5.7 Restrictive Legend. The Purchaser understands that, until such
time as the Registration Statement has been declared effective or the Securities
may be sold pursuant to Rule 144 under the Securities Act without any
restriction as to the number of securities as of a particular date that can then
be immediately sold, the Securities may bear a restrictive legend in
substantially the following form (and a stop-transfer order may be placed
against transfer of the certificates for the Shares or Warrant Shares):
"THE SECURITIES REPRESENTED BY THIS CERTIFICATE HAVE NOT BEEN
REGISTERED UNDER THE SECURITIES ACT OF 1933, AS AMENDED. THE
SECURITIES MAY NOT BE SOLD, TRANSFERRED OR ASSIGNED IN THE ABSENCE
OF AN EFFECTIVE REGISTRATION STATEMENT FOR THE SECURITIES UNDER SAID
ACT, OR AN OPINION OF COUNSEL, IN FORM, SUBSTANCE AND SCOPE
REASONABLY ACCEPTABLE TO THE COMPANY, THAT REGISTRATION IS NOT
REQUIRED UNDER SAID ACT OR UNLESS SOLD PURSUANT TO RULE 144 UNDER
SAID ACT."
SECTION 6. Survival of Representations, Warranties and Agreements.
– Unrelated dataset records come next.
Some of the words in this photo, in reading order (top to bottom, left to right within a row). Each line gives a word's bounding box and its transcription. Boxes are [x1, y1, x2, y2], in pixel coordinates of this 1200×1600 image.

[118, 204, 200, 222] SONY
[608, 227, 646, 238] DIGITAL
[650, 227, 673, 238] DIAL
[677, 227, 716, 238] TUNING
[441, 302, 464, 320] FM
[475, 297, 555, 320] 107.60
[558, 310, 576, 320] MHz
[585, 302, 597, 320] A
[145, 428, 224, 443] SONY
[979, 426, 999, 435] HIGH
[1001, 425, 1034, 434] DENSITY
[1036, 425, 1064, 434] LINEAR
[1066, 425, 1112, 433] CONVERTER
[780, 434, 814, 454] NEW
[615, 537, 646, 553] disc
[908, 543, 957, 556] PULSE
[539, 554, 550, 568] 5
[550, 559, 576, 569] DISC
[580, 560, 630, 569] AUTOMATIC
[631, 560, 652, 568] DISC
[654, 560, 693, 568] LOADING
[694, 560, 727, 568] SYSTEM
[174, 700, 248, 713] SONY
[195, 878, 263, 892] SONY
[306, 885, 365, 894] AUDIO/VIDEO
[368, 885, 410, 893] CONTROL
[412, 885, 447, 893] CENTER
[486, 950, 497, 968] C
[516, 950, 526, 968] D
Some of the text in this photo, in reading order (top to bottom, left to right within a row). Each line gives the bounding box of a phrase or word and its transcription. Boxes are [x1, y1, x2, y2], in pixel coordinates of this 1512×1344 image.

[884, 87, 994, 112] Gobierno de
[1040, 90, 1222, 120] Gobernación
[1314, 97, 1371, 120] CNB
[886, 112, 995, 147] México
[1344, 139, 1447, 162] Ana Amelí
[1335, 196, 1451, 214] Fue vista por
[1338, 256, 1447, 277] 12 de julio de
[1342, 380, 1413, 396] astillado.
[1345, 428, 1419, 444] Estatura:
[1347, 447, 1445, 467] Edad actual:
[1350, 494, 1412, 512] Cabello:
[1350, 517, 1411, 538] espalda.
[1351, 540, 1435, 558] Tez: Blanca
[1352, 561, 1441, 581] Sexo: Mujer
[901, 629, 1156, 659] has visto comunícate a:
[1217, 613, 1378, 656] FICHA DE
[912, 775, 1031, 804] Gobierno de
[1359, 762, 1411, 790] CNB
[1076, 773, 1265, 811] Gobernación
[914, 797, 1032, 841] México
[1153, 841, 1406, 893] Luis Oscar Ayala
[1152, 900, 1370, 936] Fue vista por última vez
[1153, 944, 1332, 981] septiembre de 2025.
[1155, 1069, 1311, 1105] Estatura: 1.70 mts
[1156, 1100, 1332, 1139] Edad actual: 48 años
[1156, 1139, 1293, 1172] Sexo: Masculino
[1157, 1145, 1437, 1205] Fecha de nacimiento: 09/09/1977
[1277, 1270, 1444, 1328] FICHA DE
Notwithstanding any investigation made by any party to this Agreement or by the
Placement Agent, all covenants, agreements, representations and warranties made
by the Company and the Purchaser herein and in the certificates for the Shares
or Warrants delivered pursuant hereto shall survive the execution of this
Agreement, the delivery to the Purchaser of the Securities being purchased and
the payment therefor.
SECTION 7. Broker's Fee. The Company represents and warrants, and
the Purchaser acknowledges, that, subject to the fee reduction in the following
sentence, the Company is obligated to pay the Placement Agent the following fees
(i) cash equal to 3.0% of the proceeds from the sale of the Securities to the
Purchasers and (ii) warrants, in substantially the form attached hereto as
Exhibit H, exercisable for a number of shares of Common Stock equal to 7% of the
total number of Shares sold to the Purchasers. In the event that the Company's
management team introduces the Placement Agent to Purchasers, the Placement
Agent fees referenced in the preceding sentence shall be reduced with respect to
the first $500,000 of proceeds from the sale of Securities to such introduced
Purchasers to cash equal to 5.0% of the proceeds from the sale of Securities to
such Purchasers. Each of the parties hereto
17
hereby represents that, on the basis of any actions and agreements by it, there
are no other brokers or finders entitled to compensation in connection with the
sale of the Securities to the Purchasers.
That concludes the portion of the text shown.